During the early part of 2014 members were invited to nominate acts who performed at The Globe to complete the line-up. Through the voting it emerged that The Blue Caps should be remembered alongside some of the biggest recording artists of the 1960s and 70s.
The Blue Caps formed in the late 1950s and were the only Stockton-based band to ever perform on the stage at the town’s iconic Globe Theatre. They played at the Globe eleven times along with other major theatres and night clubs across the North-East, supporting various acts ranging from Brenda Lee to Freddie and The Dreamers and Georgie Fame. They may not have had national success but in Stockton, and across the North-East, The Blue Caps live performances led them to become a household name.
The interior of The Globe as it looked during September, 2013. Jomast Developments Ltd has begun its £4 million restoration of the historic Globe to its 1930's splendour, for use as a live entertainment venue for music, comedy and other events. With its 2,500 capacity, the Globe will be the largest indoor auditorium between Leeds and Newcastle. The restoration work is expected to be finished sometime during 2016 following an award of a £4m grant from the Heritage Lottery Fund.
A mini slide show with some images from inside The Globe Theatre which were taken in September, 2013. As you can see there's a lot of work to be carried out before the final restoration is completed. What we see here is the wonderful art decor inside the auditorium, the balcony as seen from the stage, the high ceilings showing the colourful decoration, the foyer, the rear of the building, the roof and the stage where so many great stars stood. It was a pleasure to take part in a guided tour of the famous building which was organised by Barry Jones with help from Stockton Borough Council. I hope you enjoy seeing these photographs as much as I did taking them.

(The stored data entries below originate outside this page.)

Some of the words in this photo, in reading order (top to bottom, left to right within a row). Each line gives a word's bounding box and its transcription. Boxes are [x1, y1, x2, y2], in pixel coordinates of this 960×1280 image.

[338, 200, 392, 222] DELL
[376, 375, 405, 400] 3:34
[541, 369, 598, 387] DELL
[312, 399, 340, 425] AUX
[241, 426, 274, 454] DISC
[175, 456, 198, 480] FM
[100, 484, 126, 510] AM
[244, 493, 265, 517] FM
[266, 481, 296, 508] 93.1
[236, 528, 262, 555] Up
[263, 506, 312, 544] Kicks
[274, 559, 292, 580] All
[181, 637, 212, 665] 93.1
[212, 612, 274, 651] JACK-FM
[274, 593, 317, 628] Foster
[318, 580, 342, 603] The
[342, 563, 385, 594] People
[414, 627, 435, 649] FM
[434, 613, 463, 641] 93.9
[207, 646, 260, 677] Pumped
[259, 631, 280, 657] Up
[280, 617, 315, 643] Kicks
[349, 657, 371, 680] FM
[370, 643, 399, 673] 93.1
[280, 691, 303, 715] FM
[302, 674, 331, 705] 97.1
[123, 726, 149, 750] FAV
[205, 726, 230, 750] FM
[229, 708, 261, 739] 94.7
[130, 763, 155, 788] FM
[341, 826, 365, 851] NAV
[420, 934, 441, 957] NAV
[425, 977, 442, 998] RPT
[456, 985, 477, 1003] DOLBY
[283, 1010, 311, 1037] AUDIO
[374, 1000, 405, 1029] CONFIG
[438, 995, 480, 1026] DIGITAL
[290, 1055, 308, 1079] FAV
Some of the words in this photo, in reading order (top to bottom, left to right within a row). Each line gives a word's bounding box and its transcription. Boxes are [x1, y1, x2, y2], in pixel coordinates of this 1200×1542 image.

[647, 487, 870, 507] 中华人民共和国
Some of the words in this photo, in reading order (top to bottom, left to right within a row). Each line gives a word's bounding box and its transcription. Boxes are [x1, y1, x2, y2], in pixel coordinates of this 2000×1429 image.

What are your memories of The Globe. Did you go there? Who did you see? Why not send us an email to tell us. For me personally? I saw Frank Ifield there along with The Shadows; sang the "Grand Coulee Dam" for Lonnie Donegan is his dressing room and was employed by Joe Brown when he appeared in the pantomime "Aladdin" in 1962/63 and he recorded the album "Joe Brown-Live" at the theatre.